There were no British medals for the women of Royaumont, although a grateful France festooned them with 30 Croix de Guerre and its highest award, the Légion d’honneur for their leader, surgeon Frances Ivens.
The SWH had been set up by Dr Elsie Inglis after the British War Office rejected her offer for an all-female hospital with the words “go home and sit still”. Over the course of the war, she set up and ran 12 SWH units in Serbia and around Europe.
Two doctors, Flora Murray and Louisa Garrett Anderson also went to France, first operating on French casualties at the new Claridge Hotel on the Champs-Élysées. In 1915 they accepted a War Office invitation to establish a hospital at Endell Street in London’s Covent Garden.
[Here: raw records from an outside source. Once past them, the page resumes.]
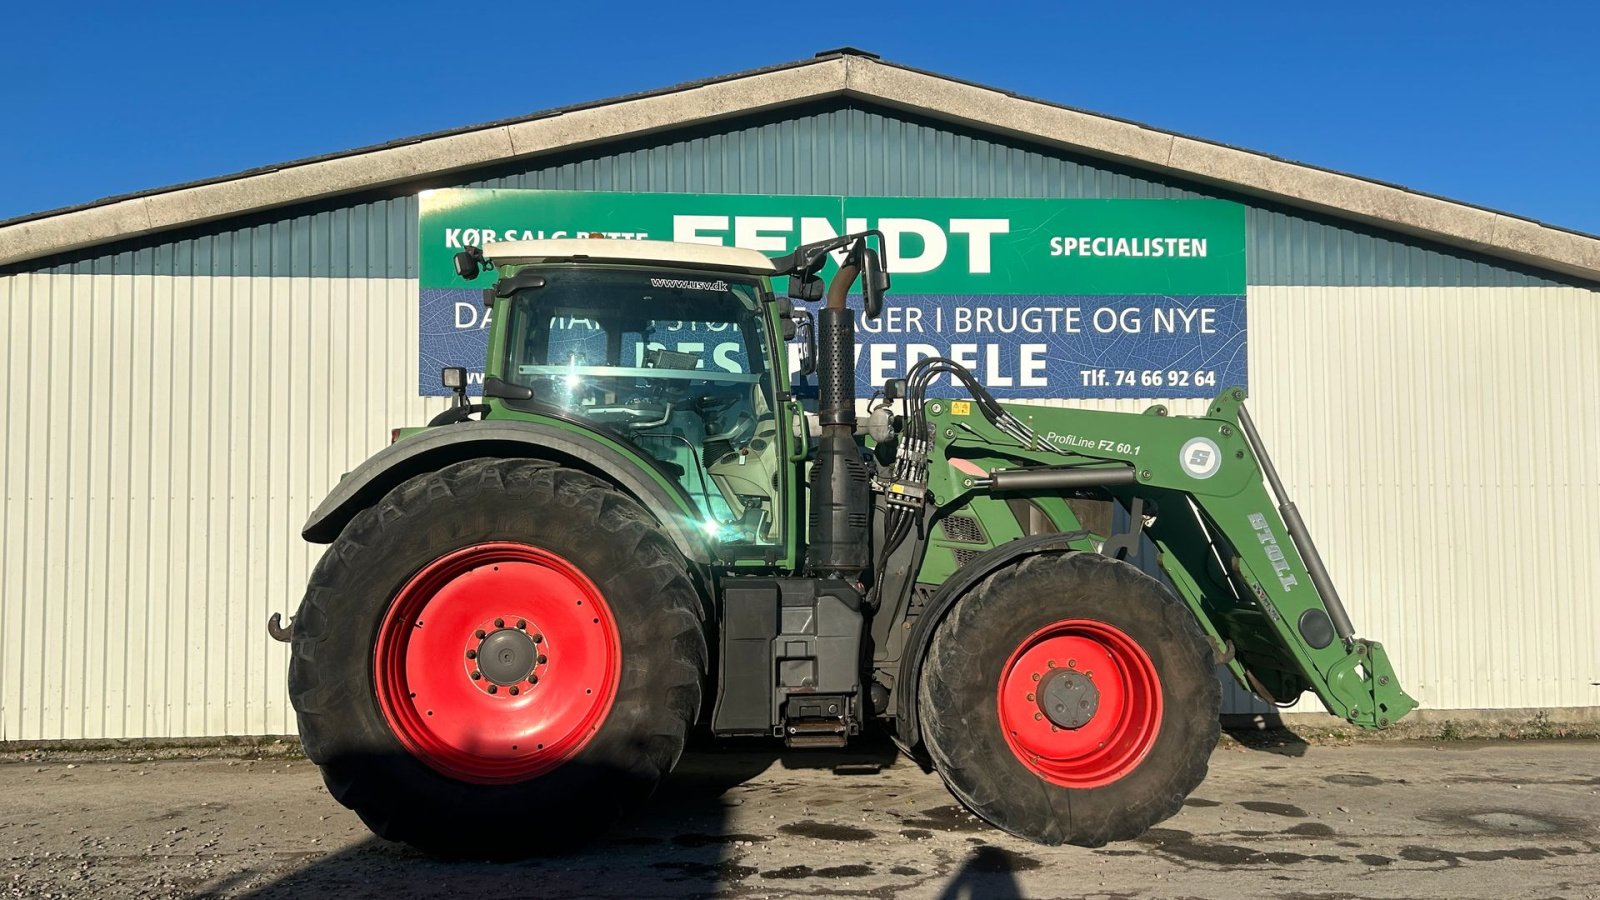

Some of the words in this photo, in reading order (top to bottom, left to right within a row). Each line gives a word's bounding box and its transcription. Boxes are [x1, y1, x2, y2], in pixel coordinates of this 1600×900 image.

[673, 214, 1010, 274] FENDT
[1050, 236, 1208, 258] SPECIALISTEN
[650, 278, 729, 292] www.usv.dk
[936, 307, 942, 332] I
[955, 307, 1081, 334] BRUGTE
[1092, 307, 1141, 334] OG
[1153, 308, 1216, 334] NYE
[1080, 370, 1109, 387] Tlf.
[1115, 371, 1136, 387] 74
[1140, 371, 1162, 387] 66
[1168, 371, 1188, 387] 92
[1194, 371, 1216, 387] 64
[1046, 431, 1096, 449] ProfiLine
[1097, 439, 1114, 452] FZ
[1116, 442, 1141, 456] 60.1
[1247, 511, 1299, 593] STOLL
It was overtly more suffragist in its approach, a message probably not lost on all the wounded Tommies they treated, who were old enough to sacrifice life and limb for king and country but not to vote. The 1918 Act which enfranchised women over 30, also did the same for the four out of 10 British men, who until then had no vote.
Women’s historian Dr Valerie Wright of the University of Glasgow said while many women always had to work, the Great War – and later the Second World War – saw more opportunities open up for women, broadening horizons and boosting their confidence and agency.
She told The Sunday Post: “The Great War opened up the workplace for women. Women were in places and spaces that they wouldn’t have been in before, like driving trams and trains, working in factories. In the First World War you had women working in munitions factories for the first time. Thousands relocated to work in factories in Glasgow, which led to overcrowding and landlords putting the rents up; the rent strikes in 1915 were led by women.
“But it was also a double burden, if you were working in the munitions factory you were also having to do everything in the home while your man was away fighting.
“The Great War showed that women could do the work of men. That they were capable of doing it. Women were also driving trams and trains but at the end of the war, there was a backlash to women’s involvement in public life and dilution in workplace.”
However, she added: “Some people would argue that women’s service in the First World War led to women gaining the vote in 1918.
“The Second World War was pretty seismic for women in terms of personal relationships, confidence and physical mobility.”
Peace saw a return to old ways, however. She said: “In the 1950s there was a return to prizing domesticity and housewives and there was an aspiration to be at home. There has always been feminism but it’s really when we get into the 1970s that we have popular feminism.”
She said: “War changed women’s views in terms of work and the way they saw themselves.”
As the First World War continued, it was Navy and Army nurses who bore the largest burden helping mend broken bodies and minds. Then, as now, nurses provided the bulk of care for the sick. And there was no let-up with the Armistice as the influenza epidemic took hold.
By 1917 women were also wearing the standard army uniform. Mona Chalmers Watson, the first woman to graduate in medicine at Edinburgh University, established the Women’s Auxiliary Army Corps to undertake non-combatant duties in France.
Highly trained Queen’s Nurses also played active roles. Annie Mackinnon, from Skye, was awarded the Croix de Guerre for conspicuous bravery in the retreat from Aisne in 1918. The other Croix de Guerre awarded that day went to an entire British regiment.
Louisa Jordan, Queen’s Nurse at Buckhaven in Fife, joined the SWH and served at Kragujevac, Serbia where she volunteered to nurse a medical colleague Elizabeth Ross, who was poorly with typhus. Both died from the disease along with nurse Madge Neil Fraser, who was one of the brightest stars in women’s golf.